WHAT YOU ARE ASKED TO DO — Copy each record exactly as it reads, leaving out any pictures it holds.

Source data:

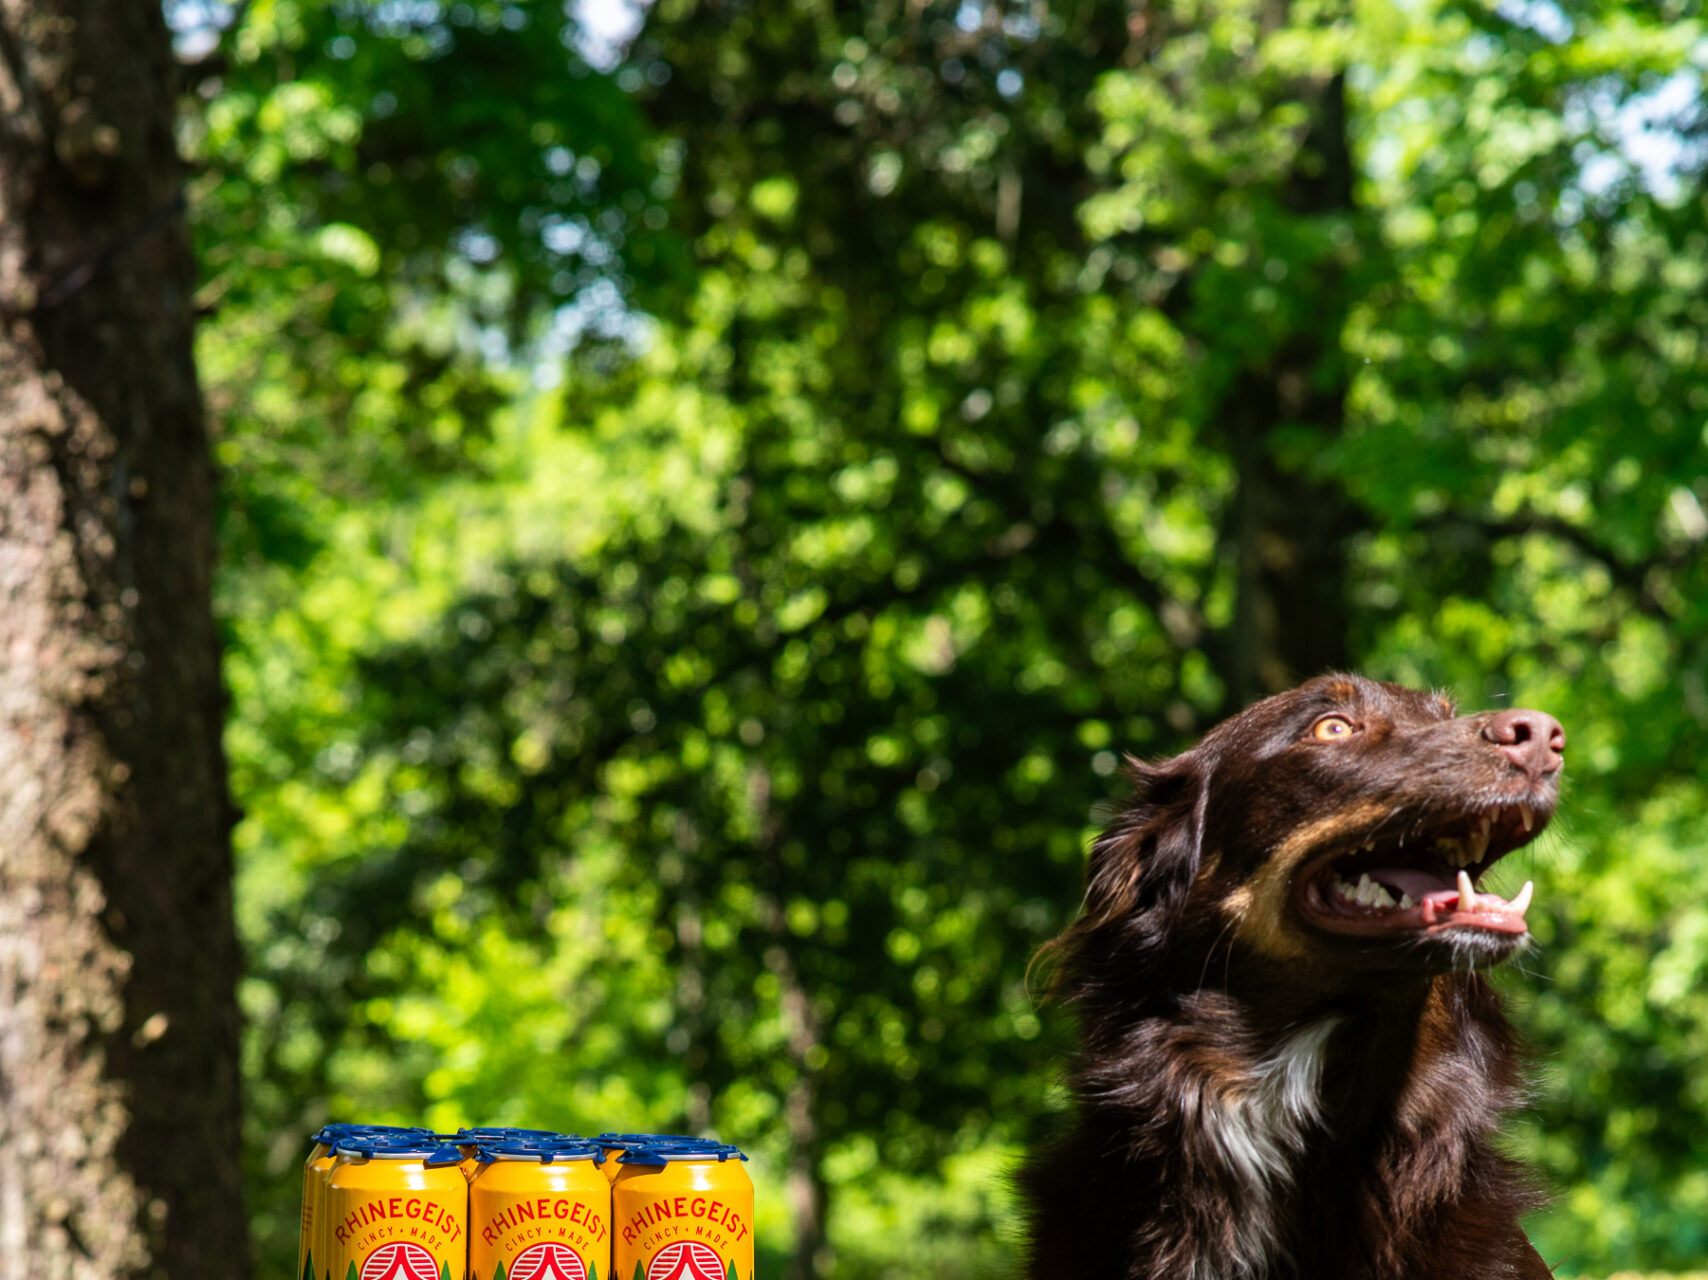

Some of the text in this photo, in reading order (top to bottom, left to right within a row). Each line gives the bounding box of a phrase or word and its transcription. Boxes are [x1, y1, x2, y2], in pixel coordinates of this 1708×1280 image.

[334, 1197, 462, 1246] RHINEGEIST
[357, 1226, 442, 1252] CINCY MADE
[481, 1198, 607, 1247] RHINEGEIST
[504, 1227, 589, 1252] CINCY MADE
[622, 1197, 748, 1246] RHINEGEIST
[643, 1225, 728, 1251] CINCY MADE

SOLUTION TO THIS TASK —
Some of the text in this photo, in reading order (top to bottom, left to right within a row). Each line gives the bounding box of a phrase or word and its transcription. Boxes are [x1, y1, x2, y2], in pixel coordinates of this 1708×1280 image.

[334, 1197, 462, 1246] RHINEGEIST
[357, 1226, 442, 1252] CINCY MADE
[481, 1198, 607, 1247] RHINEGEIST
[504, 1227, 589, 1252] CINCY MADE
[622, 1197, 748, 1246] RHINEGEIST
[643, 1225, 728, 1251] CINCY MADE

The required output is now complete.